En observant la nature et en l’imitant, plusieurs équipes françaises pourraient contourner l'obstacle du platine; métal rare, cher, et incontournable pour l’instant, pour obtenir de l’hydrogène à un rythme suffisant et le convertir en électricité. La solution : le remplacer par des métaux moins nobles, comme le nickel, le fer ou le cobalt.

Cette approche "biomimétique" est partie du constat que certaines cyanobactéries peuvent transformer l'eau en hydrogène grâce à l'énergie du soleil. Elles possèdent des enzymes, les hydrogénases, qui réalisent des catalyses en faisant appel à des atomes de nickel et de fer. Tout l'art a été de greffer des atomes de nickel sur des nanotubes de carbone.
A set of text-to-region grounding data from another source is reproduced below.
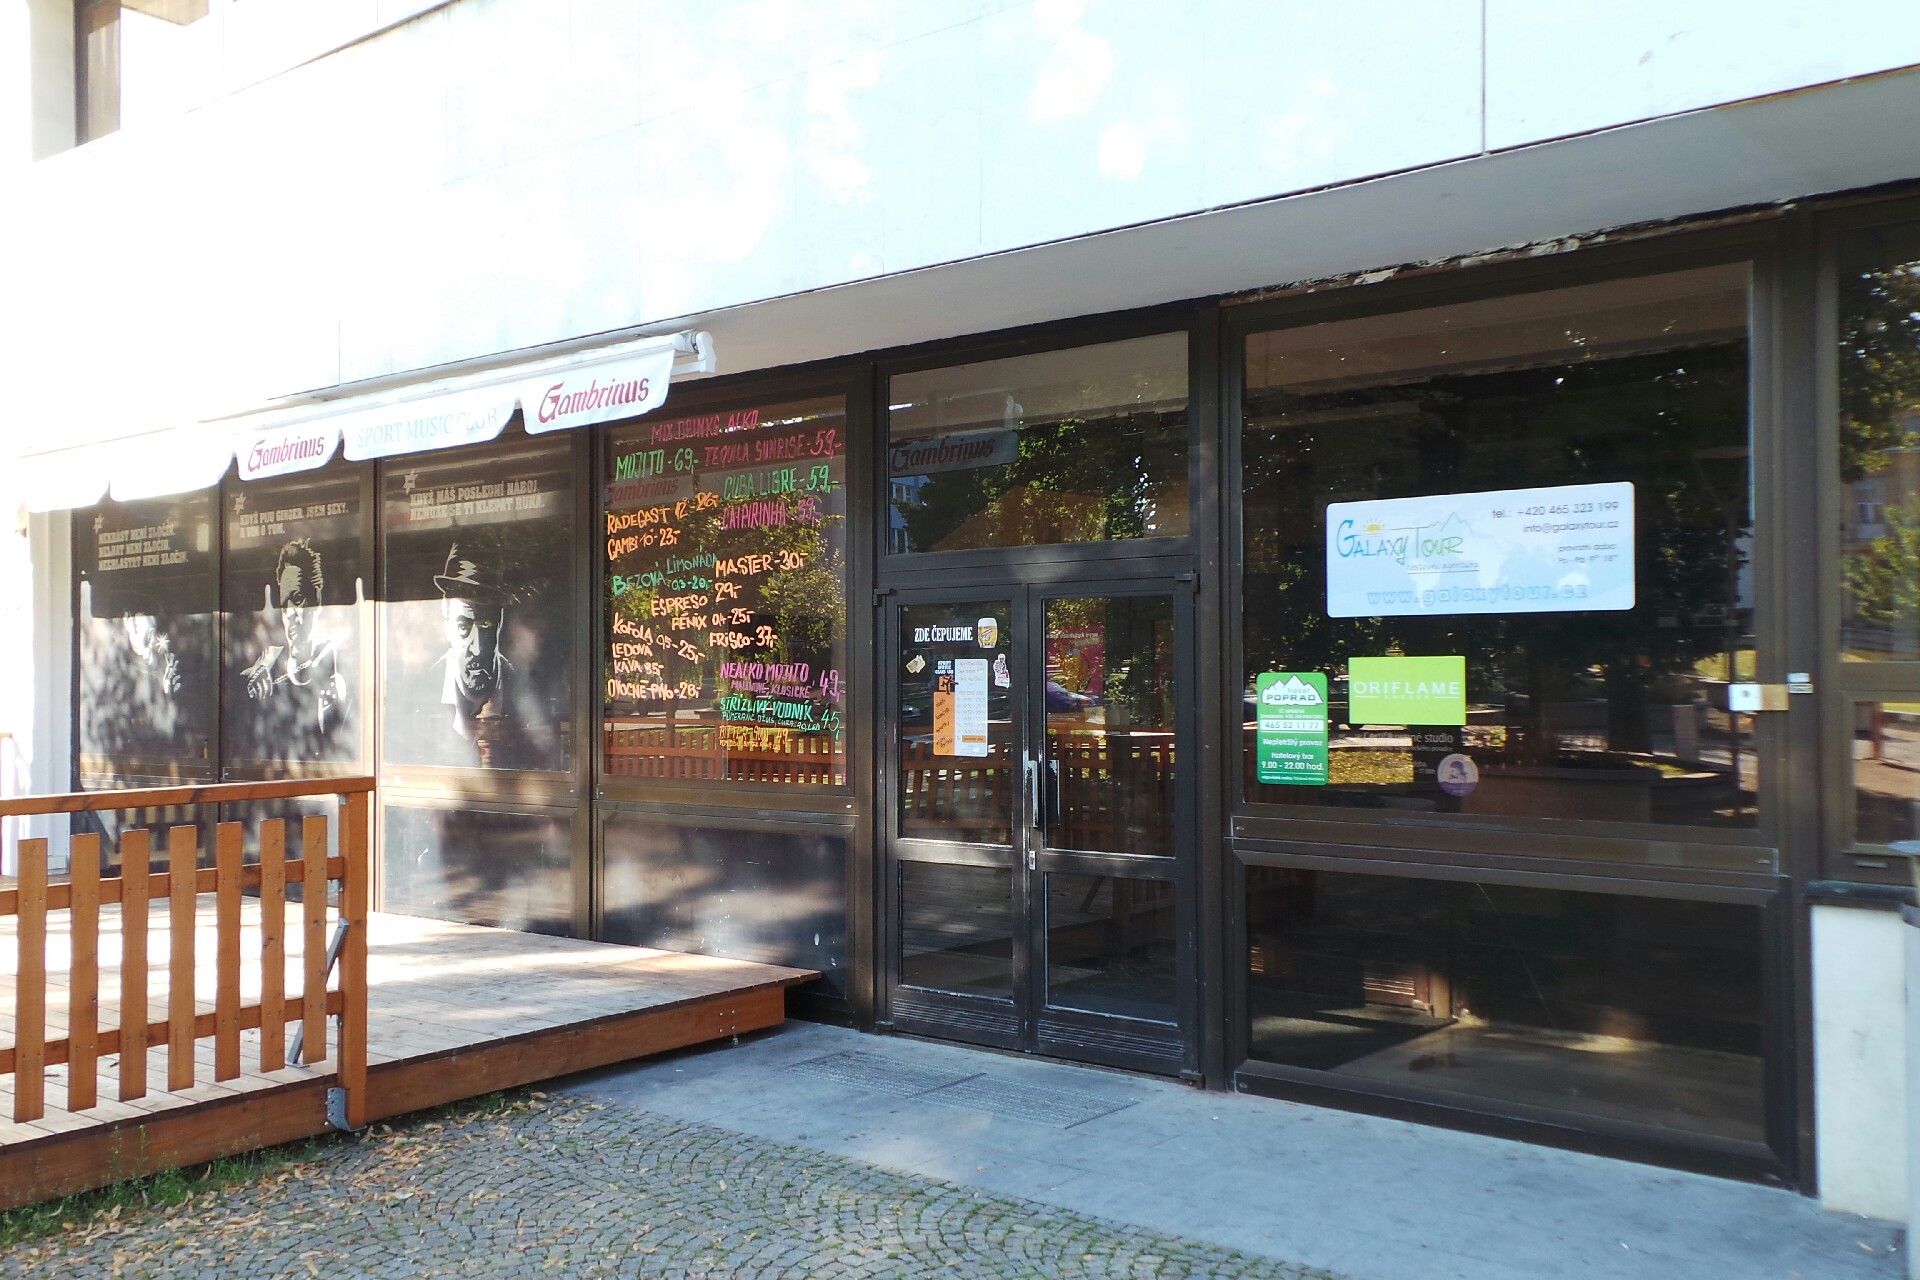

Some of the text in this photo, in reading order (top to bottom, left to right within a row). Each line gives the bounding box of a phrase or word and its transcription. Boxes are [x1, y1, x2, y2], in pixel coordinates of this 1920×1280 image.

[538, 377, 649, 423] Gambrinus
[358, 424, 402, 449] SPORT
[407, 413, 452, 439] MUSIC
[247, 435, 325, 473] Gambrinus
[704, 440, 749, 467] TEQUILA
[755, 434, 805, 462] SUNRISE
[615, 449, 665, 482] MOJITO
[436, 488, 456, 504] MÁŠ
[458, 481, 504, 501] POSLEDNÍ
[724, 474, 756, 501] CUBA
[760, 466, 797, 496] LIBRE
[722, 500, 786, 531] CAIPIRINHA
[1517, 506, 1546, 517] +420
[1549, 504, 1569, 515] 465
[1573, 502, 1594, 514] 323
[1597, 501, 1619, 512] 199
[608, 507, 670, 535] RADEGAST
[1523, 520, 1619, 534] info@galaxytour.cz
[715, 554, 773, 578] MASTER
[651, 594, 708, 618] ESPRESO
[1367, 583, 1588, 606] www.galaxytour.cz
[613, 611, 654, 643] KOFOLA
[914, 624, 974, 642] ZDE ČEPUJEME
[720, 661, 763, 680] NEALKO
[765, 662, 810, 683] MOJITO
[1353, 681, 1460, 695] ORIFLAME
[773, 699, 814, 722] VODNÍK
[1265, 721, 1280, 729] 465
[1282, 721, 1293, 729] 52
[1299, 739, 1323, 747] provoz
[1424, 732, 1454, 744] studio
[1261, 761, 1277, 769] 9.00
[1284, 761, 1305, 770] 22.00
[1306, 762, 1324, 771] hod.
[1271, 752, 1314, 760] Hotelový bar
Les nanotubes de carbone ont une surface spécifique (aire de contact par rapport au volume) très importante, ce qui promettait d'augmenter les réactions ; ces nanotubes sont en outre d'excellents conducteurs, capables de véhiculer les électrons à haut-débit. Le tout sans surtension, c'est-à-dire sans perte d'énergie, ou presque, lors de ces conversions - ce qui était l'apanage du platine, 2 000 fois plus cher que le nickel.

Cependant, l'intensité du courant produit par ce nouveau procédé reste plus faible qu'avec le platine. Trop faible pour mouvoir une automobile, par exemple. Mais déjà suffisante pour envisager d'équiper des téléphones mobiles ou des portables. Les choses n'en resteront pas là. Ce premier catalyseur a été breveté, et d'autres pourraient suivre. Certains, à base de fer ou de cobalt, sont actuellement en cours d'expérimentation.

Selon les spécialistes, de futures optimisations de ce composé pourraient aboutir à un catalyseur viable, sans métal noble, pour les piles à combustible. Celles-ci pourraient alors devenir le complément tant attendu des énergies renouvelables, dont l'inconvénient majeur est l'intermittence. Il serait possible de stocker l'énergie, localement, sous forme d'hydrogène, pour la restituer quand le vent ou le soleil font défaut.
La photosynthèse artificielle reste la future étape; éclairer de l'eau avec du soleil pour faire de l'électricité. Là encore, en s'inspirant de la nature.